California, with its sun-kissed beaches, the Hollywood studios and the Silicon Valley, entices many alike who wish to relocate there. The state also boasts of excellent educational facilities, thriving businesses, sporting and recreational arenas, and cultural avenues ? an attractive amalgam that holds something for everyone. California real estate investing is the ideal way to benefit from this buzzing environment.
It?s true that California is well known for its affluent and well-healed along with their rather ostentatious villas and mansions. But this should not put off a small investor in any way at all ? there are scads of opportunities for small investors. And here are a few tips on how to approach California real estate investing.
First and foremost, make yourself familiar with the state rules governing real estate transactions and then abide by them.
In California, each real estate agent must be licensed to buy or sell real estate. Thus every agent should possess a salespeople or broker?s license. Novice investors are often all at sea in the beginning of their investment career. It?s best to avail the services of an experienced real estate agent who can provide you updated property listings.

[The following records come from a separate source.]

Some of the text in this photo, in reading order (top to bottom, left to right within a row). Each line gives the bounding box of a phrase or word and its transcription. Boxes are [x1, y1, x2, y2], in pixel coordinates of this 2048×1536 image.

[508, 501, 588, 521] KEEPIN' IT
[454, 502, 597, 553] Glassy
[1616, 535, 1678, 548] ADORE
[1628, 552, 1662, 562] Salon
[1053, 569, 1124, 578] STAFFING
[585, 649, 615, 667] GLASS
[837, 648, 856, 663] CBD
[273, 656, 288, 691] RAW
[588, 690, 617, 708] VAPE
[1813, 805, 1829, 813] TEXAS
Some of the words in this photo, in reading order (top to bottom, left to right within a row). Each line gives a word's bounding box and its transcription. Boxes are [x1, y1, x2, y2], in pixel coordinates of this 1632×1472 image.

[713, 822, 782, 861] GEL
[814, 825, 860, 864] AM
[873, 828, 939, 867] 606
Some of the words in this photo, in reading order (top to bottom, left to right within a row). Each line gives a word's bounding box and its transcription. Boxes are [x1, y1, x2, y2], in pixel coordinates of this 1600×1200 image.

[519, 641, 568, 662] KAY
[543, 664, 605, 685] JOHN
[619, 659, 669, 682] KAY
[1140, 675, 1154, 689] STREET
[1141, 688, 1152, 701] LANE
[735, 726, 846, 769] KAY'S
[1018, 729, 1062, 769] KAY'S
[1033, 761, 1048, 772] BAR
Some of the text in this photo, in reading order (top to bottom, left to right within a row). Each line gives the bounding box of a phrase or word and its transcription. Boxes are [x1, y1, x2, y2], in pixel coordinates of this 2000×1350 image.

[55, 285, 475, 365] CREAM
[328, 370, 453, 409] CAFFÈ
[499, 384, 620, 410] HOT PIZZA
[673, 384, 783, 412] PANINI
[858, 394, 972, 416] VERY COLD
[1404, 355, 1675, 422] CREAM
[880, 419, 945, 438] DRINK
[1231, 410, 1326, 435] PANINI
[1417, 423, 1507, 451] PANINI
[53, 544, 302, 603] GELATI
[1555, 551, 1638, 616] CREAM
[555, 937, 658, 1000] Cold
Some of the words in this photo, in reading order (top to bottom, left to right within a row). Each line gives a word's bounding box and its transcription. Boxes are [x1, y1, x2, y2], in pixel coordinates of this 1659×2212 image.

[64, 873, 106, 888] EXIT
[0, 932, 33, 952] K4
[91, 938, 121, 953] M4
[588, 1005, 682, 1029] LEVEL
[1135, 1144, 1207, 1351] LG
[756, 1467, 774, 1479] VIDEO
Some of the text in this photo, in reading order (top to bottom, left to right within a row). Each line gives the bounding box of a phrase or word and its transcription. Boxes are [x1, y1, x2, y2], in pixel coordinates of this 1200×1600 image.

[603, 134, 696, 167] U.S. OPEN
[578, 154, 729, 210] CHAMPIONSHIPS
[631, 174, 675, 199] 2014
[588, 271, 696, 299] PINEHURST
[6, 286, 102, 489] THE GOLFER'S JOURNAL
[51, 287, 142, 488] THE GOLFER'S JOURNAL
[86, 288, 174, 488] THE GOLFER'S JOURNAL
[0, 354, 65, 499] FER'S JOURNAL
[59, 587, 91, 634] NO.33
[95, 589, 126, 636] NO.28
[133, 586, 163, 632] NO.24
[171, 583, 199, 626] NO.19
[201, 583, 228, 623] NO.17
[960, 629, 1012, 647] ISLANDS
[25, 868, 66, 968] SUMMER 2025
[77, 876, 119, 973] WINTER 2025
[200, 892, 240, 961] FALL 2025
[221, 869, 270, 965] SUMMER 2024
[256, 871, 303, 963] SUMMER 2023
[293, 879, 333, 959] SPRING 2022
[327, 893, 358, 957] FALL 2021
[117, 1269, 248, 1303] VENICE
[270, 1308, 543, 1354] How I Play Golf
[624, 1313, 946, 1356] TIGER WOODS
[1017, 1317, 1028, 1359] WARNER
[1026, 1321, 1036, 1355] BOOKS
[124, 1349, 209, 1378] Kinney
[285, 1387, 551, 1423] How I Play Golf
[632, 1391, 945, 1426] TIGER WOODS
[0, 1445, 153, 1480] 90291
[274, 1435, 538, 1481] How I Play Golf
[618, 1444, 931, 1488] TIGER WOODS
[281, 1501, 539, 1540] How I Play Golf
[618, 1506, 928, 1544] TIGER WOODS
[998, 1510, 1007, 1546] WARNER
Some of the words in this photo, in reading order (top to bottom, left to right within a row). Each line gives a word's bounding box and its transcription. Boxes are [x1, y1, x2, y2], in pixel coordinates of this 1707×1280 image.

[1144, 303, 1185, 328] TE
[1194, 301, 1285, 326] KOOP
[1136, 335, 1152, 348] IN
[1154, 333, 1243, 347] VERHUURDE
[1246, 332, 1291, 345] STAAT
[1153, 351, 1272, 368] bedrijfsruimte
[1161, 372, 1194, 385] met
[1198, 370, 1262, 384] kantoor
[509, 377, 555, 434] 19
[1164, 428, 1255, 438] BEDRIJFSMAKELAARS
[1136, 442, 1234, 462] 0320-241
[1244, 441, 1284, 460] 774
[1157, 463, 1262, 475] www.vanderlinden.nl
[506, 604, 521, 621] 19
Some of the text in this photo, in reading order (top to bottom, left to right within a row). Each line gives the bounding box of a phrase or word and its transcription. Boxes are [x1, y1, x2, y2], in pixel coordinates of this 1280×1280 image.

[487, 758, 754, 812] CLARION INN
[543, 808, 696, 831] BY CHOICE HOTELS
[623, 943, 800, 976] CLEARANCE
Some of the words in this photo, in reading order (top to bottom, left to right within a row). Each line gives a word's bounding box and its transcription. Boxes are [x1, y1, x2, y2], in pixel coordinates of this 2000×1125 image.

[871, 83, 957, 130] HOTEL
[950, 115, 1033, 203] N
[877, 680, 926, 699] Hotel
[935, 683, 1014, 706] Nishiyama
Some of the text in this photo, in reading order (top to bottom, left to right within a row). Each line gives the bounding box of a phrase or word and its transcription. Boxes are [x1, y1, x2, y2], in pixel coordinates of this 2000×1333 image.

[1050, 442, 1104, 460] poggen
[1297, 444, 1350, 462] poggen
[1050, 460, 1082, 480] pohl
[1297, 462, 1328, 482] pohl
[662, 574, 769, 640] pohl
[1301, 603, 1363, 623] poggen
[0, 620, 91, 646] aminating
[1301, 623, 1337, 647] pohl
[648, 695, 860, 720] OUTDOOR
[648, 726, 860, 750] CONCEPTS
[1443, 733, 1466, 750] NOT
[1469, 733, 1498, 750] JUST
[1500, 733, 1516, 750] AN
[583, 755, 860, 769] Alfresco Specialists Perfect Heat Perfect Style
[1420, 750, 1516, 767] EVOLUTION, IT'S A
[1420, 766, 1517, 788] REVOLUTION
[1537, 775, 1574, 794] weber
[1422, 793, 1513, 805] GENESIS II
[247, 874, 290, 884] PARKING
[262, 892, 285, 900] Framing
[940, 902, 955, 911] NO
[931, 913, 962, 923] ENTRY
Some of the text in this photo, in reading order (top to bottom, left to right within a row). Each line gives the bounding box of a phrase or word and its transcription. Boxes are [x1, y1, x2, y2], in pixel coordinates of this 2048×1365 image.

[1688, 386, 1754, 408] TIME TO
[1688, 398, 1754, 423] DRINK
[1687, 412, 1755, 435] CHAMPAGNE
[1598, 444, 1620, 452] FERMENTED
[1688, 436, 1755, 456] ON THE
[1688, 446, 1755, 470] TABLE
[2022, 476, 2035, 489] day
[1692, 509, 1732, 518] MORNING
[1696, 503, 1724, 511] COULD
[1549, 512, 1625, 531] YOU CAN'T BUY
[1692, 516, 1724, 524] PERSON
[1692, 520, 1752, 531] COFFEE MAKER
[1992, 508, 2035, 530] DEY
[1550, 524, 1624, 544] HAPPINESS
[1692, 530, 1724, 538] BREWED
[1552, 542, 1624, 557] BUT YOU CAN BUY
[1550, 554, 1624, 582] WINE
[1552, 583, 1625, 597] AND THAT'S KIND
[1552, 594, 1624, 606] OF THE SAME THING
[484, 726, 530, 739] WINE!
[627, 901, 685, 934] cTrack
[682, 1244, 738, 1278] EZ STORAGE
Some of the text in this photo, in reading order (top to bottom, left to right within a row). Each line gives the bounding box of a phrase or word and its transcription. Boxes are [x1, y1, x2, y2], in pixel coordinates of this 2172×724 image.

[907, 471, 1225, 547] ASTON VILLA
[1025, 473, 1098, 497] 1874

A helpful caveat is not to go overboard. Get grip of your budget and your purpose of attaining a property. Then look for a property that meets your criteria.
Though returns can be huge, California real estate investing does involve comprehensive research. It is advised that you scout for properties that have a significant growth potential. Such assets are affordable and have higher potential gains.
Follow a diversified investment regime, investing in both residential and commercial properties. Look for single-family homes, apartments and condos, or business properties in a growing locality. It is crucial to examine the property in person, accompanied by a property inspector, prior to purchase.
In a gist, if you approach it in a meticulous fashion, California real estate investing could be your ticket to success and riches.